I have done some investigating inside the brewing industry and what we did. I have found out that the recent amalgamation of a number of brewing companies and the continued increase in national and international franchise/contract brewing has resulted in brewing companies and individual breweries handling an ever-increasing number of yeast strains. Genetically stable, aseptic and confidential storage of a master culture of each yeast strain is essential. It is common practice for brewery yeast cultures to be used to pitch fermentations a maximum of ten times. Centrally held master cultures are used to supply fresh yeast for brewery propagation and subsequent fermentations.
The method of choice for long-term yeast strain storage is under liquid nitrogen, a method that has been used by Scottish Courage Brewing Ltd since 1983. Master cultures were selected from existing brewery yeast populations after undergoing a range of microbiological, biochemical and fermentation tests. Franchise partners have supplied other strains. The poster will describe the ‘cascade’ system used by Scottish Courage for the storage of its brewing yeast strains. Agar slopes (slants) made from master cultures are prepared and quality assured following ISO 9000 accredited methodology. Batches of approximately 20 slopes are made from each liquid nitrogen straw, and a sacrificed slope undergoes testing for microbiological contamination, viability and yeast mutants (petites).
In addition, the identity of each batch of slopes is confirmed using molecular biology analysis techniques such as PCR. Duplicate cultures of all yeast strains are held confidentially by the National Collection of Yeast Cultures as a back up.
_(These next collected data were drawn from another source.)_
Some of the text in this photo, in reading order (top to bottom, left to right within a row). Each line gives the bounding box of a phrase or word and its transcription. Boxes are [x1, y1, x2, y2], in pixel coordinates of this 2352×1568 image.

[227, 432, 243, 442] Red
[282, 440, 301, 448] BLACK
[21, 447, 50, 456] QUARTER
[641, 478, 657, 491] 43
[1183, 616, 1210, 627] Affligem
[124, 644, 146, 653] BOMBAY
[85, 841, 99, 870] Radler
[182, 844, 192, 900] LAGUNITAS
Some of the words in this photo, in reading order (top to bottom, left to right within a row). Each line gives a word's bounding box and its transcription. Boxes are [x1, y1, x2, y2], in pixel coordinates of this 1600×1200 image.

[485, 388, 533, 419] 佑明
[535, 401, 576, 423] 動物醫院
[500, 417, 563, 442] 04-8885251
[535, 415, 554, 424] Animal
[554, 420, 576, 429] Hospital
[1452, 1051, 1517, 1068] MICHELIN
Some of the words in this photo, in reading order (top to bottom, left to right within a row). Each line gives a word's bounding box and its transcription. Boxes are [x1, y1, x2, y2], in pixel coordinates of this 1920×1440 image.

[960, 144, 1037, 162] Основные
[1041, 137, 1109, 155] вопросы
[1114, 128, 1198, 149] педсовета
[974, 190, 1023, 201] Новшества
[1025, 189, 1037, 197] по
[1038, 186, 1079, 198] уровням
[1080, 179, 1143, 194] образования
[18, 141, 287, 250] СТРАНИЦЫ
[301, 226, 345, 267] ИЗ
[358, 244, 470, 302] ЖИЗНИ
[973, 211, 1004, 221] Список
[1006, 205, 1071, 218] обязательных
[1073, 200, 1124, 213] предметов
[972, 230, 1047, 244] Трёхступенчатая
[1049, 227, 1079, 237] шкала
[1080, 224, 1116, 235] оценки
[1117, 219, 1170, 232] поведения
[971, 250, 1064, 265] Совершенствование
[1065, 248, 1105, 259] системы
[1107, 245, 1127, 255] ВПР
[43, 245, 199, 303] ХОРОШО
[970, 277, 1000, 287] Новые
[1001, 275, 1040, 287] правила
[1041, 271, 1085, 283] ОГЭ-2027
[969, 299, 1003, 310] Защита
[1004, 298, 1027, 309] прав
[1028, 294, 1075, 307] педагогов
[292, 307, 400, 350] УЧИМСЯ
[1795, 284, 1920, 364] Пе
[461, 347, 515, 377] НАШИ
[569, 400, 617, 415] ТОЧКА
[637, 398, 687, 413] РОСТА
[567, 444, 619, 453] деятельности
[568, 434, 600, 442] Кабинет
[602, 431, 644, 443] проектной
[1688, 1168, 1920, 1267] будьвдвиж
In all, twelve brewing yeast strain master cultures are held under liquid nitrogen at the [Scottish Courage Technical Center in Edinburgh] and are used to supply ten breweries with over 600 agar slopes between them on an annual basis. The yeast storage and supply management systems in place have proved to be robust and reliable over a number of years, giving the breweries in the group confidence in the quality of the yeast supplied to initiate brewery propagations.